## About this task
Reproduce exactly the lines from the line containing "Some of the words" through the end of the records below, including both ends, and nothing else.

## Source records
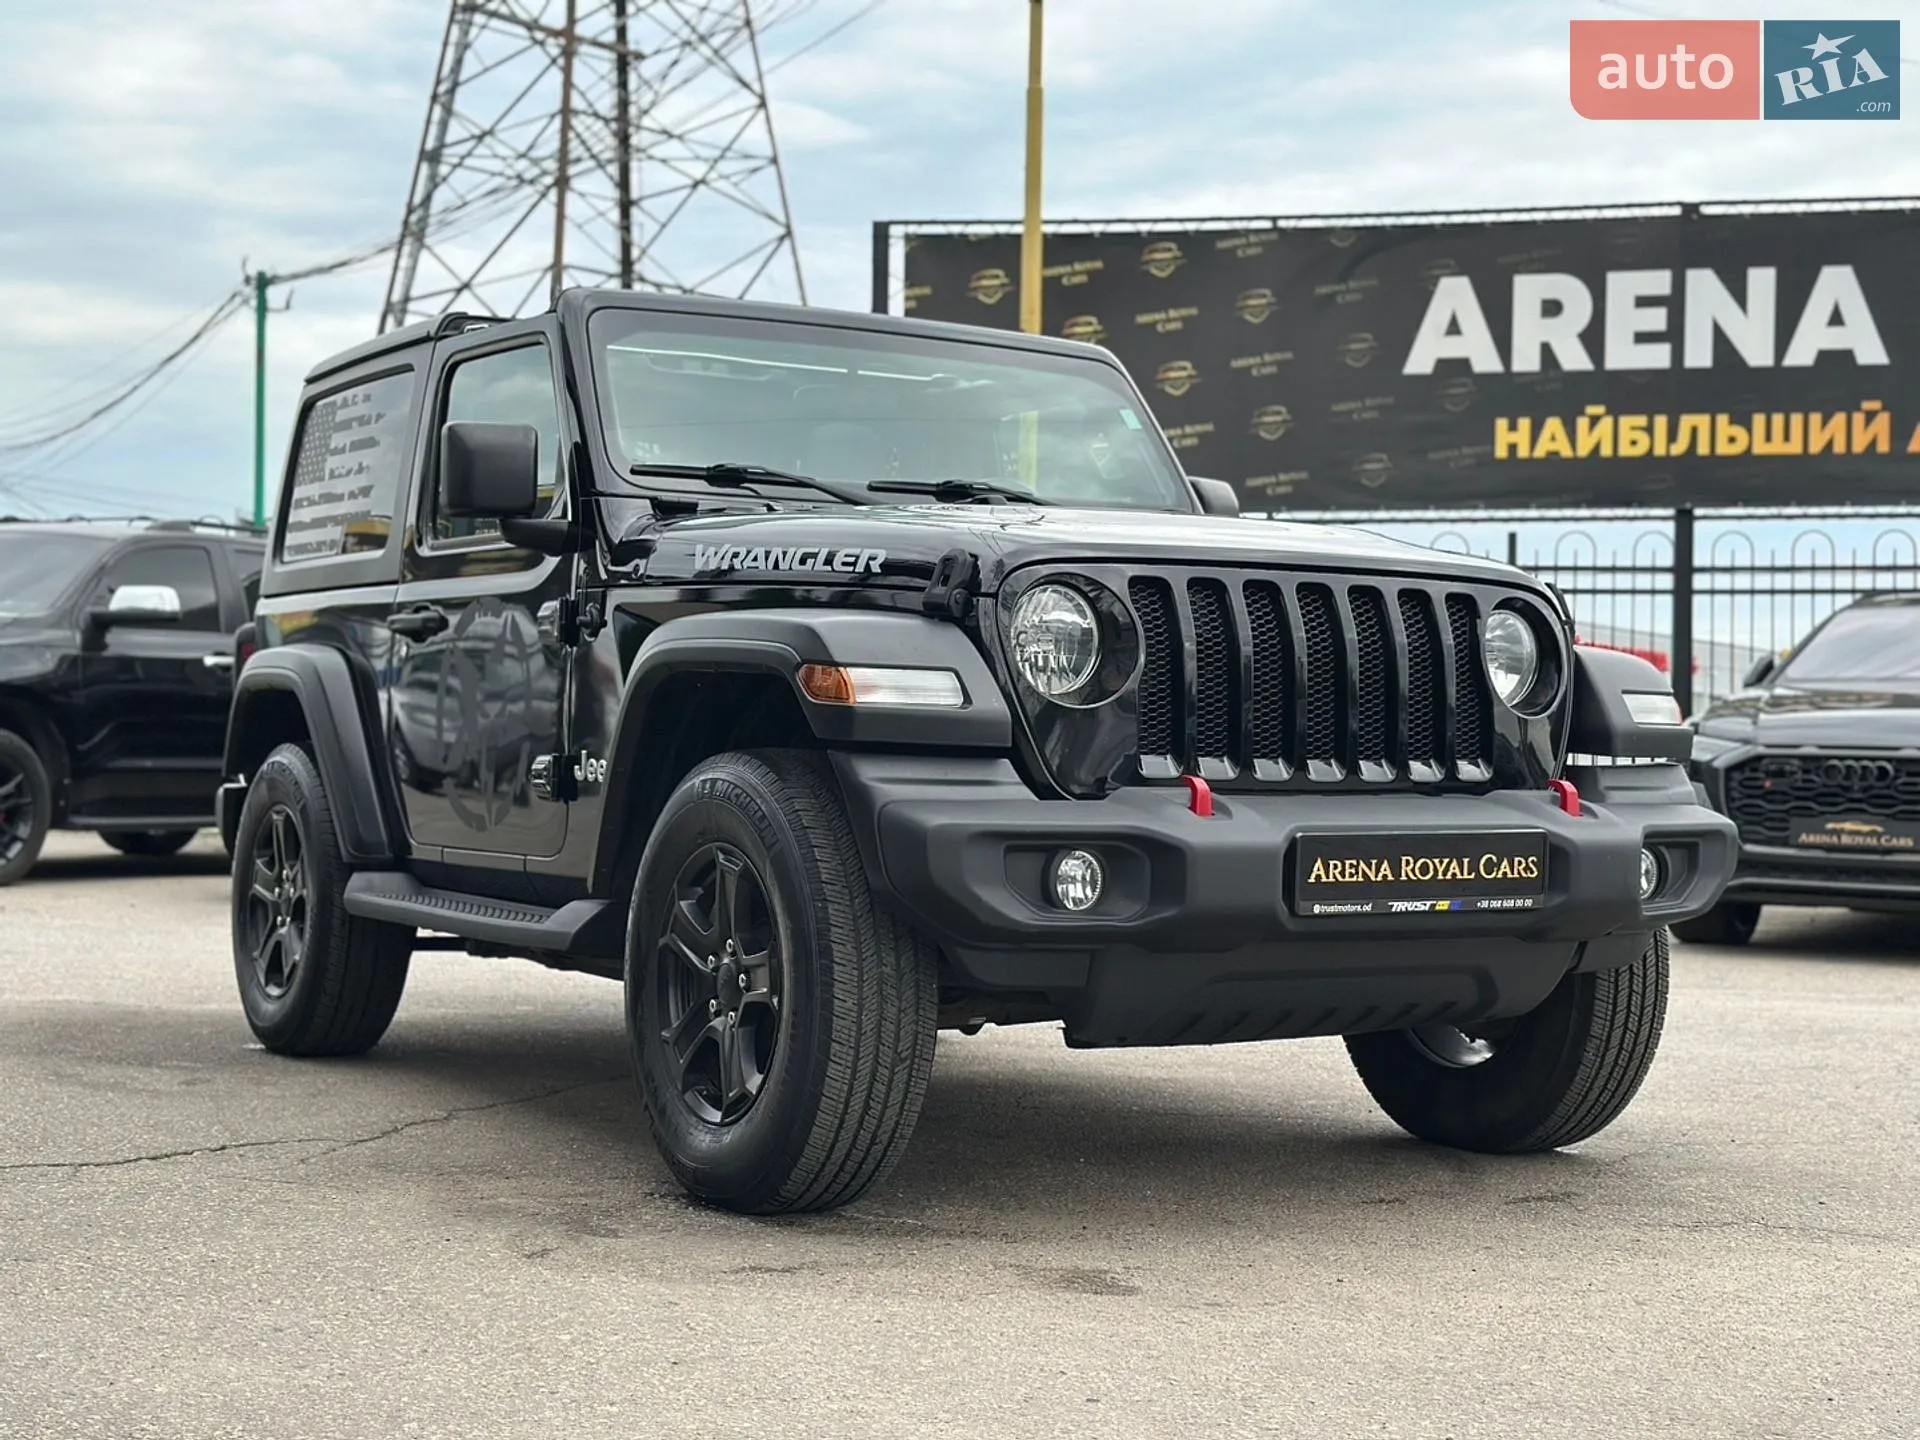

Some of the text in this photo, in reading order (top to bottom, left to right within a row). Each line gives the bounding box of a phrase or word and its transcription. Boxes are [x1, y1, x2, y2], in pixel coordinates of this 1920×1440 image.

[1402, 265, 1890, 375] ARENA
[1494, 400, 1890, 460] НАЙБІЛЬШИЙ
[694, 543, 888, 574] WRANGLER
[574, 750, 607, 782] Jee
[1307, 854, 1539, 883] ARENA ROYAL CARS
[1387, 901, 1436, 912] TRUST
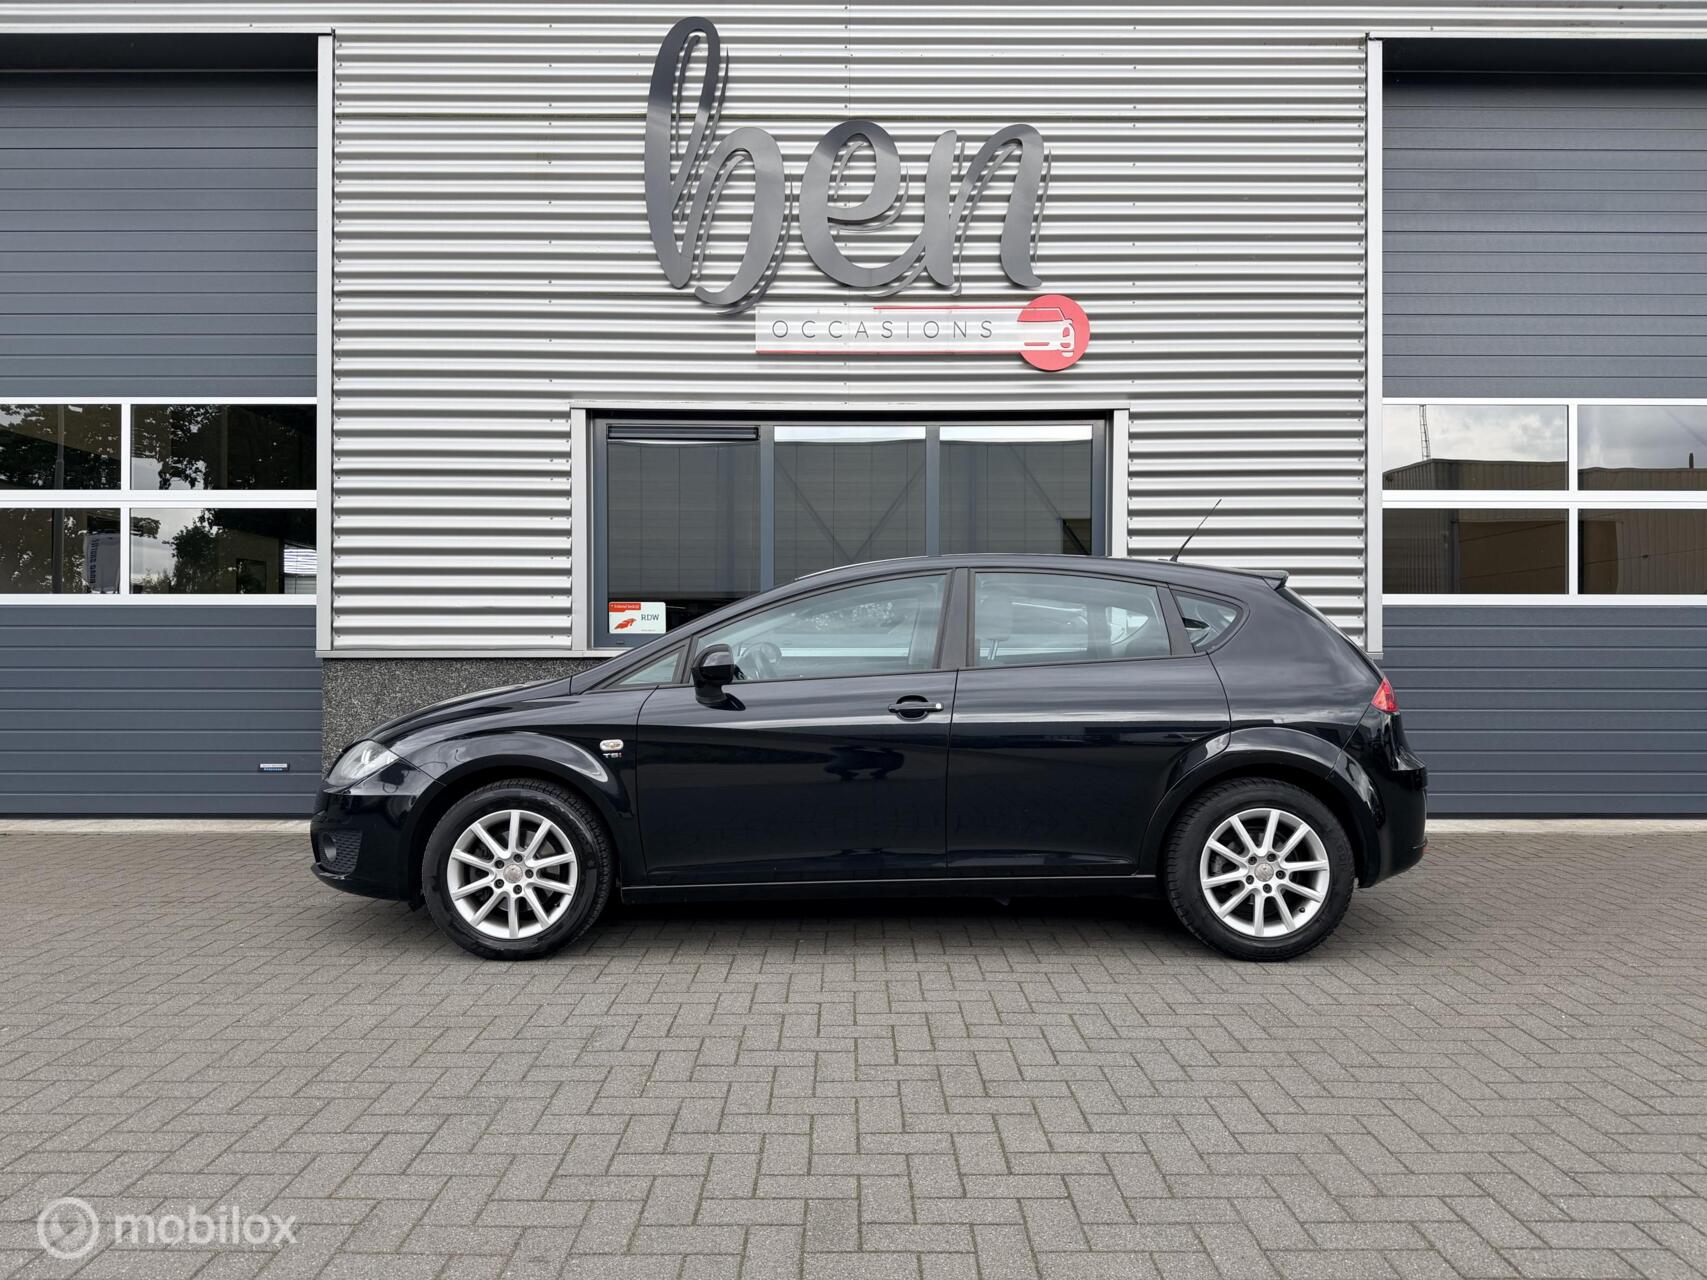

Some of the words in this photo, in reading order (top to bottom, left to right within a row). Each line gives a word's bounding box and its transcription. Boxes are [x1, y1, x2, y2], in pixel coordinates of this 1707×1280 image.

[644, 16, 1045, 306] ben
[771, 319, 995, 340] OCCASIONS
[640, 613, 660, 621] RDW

## Reply
Some of the words in this photo, in reading order (top to bottom, left to right within a row). Each line gives a word's bounding box and its transcription. Boxes are [x1, y1, x2, y2], in pixel coordinates of this 1707×1280 image.

[644, 16, 1045, 306] ben
[771, 319, 995, 340] OCCASIONS
[640, 613, 660, 621] RDW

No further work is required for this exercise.